En comics, c’est différent, du simple fait que les processus de fabrication sont industrialisés depuis des décennies. Donc on fait appel à des lettreurs et des coloristes extérieurs qui assurent le rythme. Mais force est de constater, chez les deux gros éditeurs, la grande difficulté des editors à installer des équipes stables sur plusieurs numéros d’affilés. L’équipe Snyder / Capullo / Miki / Placenscia, c’est une énorme exception. On ne compte plus le nombre d’Annuals ou de numéros spéciaux de 38 pages dessinés à quatre, six ou huit mains (parfois plus). Et là, pour le coup, ça fait plus de dessinateurs pour une qualité moindre (j’ai bien conscience que c’est un exemple extrême, certes).

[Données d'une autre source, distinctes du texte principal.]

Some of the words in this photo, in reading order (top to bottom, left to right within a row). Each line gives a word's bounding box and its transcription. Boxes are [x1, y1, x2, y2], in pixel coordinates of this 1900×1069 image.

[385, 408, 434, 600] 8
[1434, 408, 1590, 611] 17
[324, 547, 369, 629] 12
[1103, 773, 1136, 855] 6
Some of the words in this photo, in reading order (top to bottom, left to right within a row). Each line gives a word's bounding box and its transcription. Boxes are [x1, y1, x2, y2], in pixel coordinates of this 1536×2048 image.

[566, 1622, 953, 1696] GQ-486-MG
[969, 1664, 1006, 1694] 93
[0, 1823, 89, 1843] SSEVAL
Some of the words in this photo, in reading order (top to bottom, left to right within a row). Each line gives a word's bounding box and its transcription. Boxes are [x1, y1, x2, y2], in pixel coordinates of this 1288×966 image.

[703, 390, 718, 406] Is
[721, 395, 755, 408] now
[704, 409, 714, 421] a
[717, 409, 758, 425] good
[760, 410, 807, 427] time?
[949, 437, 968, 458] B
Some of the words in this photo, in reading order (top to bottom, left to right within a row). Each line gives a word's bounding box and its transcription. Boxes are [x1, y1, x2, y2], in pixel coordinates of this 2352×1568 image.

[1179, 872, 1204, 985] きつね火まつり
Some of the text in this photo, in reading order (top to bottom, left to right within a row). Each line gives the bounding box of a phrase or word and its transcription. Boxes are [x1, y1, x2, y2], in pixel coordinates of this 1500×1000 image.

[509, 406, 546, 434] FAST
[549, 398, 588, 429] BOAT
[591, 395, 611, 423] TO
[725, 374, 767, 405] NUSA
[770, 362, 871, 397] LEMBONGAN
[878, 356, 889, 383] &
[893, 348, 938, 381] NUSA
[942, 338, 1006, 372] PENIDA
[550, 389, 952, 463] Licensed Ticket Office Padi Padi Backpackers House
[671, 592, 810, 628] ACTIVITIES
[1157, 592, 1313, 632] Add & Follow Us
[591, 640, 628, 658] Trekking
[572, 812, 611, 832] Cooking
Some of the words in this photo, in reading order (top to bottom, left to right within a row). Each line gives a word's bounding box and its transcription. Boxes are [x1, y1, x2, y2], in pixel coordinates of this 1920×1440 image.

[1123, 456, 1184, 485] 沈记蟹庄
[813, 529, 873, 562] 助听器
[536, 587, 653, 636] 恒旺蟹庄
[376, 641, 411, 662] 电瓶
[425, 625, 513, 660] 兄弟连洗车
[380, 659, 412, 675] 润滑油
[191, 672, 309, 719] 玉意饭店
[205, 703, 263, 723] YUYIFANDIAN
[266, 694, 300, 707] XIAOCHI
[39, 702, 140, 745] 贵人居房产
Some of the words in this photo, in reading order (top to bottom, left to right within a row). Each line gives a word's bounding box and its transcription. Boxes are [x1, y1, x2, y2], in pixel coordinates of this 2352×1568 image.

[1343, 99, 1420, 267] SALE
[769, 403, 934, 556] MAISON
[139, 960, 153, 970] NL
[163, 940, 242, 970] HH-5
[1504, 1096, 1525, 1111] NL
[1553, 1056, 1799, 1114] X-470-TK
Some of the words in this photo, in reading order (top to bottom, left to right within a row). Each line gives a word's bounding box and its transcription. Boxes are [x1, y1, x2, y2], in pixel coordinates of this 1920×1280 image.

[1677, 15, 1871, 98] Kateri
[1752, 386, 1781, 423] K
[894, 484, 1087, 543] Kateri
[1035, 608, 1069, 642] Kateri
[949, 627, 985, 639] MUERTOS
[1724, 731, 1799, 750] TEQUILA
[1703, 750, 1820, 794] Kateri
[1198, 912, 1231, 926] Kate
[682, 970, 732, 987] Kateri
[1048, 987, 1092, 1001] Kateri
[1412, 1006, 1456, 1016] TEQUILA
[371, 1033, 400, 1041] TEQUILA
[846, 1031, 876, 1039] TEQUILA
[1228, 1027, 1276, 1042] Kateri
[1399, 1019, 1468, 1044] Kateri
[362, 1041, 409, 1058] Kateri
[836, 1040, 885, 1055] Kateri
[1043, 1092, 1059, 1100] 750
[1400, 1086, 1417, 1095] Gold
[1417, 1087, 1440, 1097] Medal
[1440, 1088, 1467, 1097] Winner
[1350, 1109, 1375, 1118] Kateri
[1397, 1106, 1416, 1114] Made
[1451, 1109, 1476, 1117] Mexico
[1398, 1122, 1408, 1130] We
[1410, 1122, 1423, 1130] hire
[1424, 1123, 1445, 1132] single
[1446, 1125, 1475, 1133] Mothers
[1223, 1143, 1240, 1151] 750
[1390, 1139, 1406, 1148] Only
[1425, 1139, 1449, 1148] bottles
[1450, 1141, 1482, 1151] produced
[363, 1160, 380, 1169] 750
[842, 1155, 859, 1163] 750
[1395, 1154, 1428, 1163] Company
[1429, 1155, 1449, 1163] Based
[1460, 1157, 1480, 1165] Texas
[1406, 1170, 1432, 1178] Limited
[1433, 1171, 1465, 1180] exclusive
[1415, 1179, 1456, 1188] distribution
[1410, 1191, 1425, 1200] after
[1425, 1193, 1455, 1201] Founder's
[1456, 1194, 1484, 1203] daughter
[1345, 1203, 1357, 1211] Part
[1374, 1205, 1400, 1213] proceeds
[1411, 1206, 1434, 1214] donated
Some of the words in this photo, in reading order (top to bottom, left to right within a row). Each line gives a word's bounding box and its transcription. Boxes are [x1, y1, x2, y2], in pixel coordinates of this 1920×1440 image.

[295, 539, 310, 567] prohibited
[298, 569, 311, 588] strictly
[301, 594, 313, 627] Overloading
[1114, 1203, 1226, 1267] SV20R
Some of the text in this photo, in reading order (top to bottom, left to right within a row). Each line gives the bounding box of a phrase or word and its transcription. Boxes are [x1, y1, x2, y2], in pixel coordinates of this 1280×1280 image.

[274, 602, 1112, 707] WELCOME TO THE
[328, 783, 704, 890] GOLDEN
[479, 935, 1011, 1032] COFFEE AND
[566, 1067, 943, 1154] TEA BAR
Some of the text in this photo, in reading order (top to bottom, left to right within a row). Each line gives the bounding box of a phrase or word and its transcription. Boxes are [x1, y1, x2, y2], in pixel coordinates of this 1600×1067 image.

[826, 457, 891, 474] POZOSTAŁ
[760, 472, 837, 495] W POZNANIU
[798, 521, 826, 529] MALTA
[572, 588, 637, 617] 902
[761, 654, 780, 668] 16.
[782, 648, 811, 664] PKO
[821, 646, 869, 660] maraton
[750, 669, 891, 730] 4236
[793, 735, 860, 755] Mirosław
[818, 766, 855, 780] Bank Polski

Les équipes éditoriales ne sont pas tellement plus nombreuses. En général, ils sont deux, parfois trois à se charger d’un titre. Mais déjà, on retrouve les noms sur cinq ou dix comics, voire plus. Ensuite, souvent le premier ne gère pas le quotidien. Enfin, les noms varient régulièrement, souffrant ici aussi d’un turn-over qui ne profite pas aux BD. Ils ne sont pas assez nombreux, ils ne restent pas assez longtemps pour établir des relations saines avec tous les intervenants…
Le résultat, c’est qu’ils ne peuvent pas consolider les séries sur le long terme, et que, dans une certaine mesure, les équipes d’auteurs sont un peu livrées à elles-mêmes.
Pour résumer, je dirais que les éditeurs veulent accroître leur catalogue, mais pas embaucher l’armée nécessaire à cette mission. Tôt ou tard, ça coince et ça se voit dans les bouquins.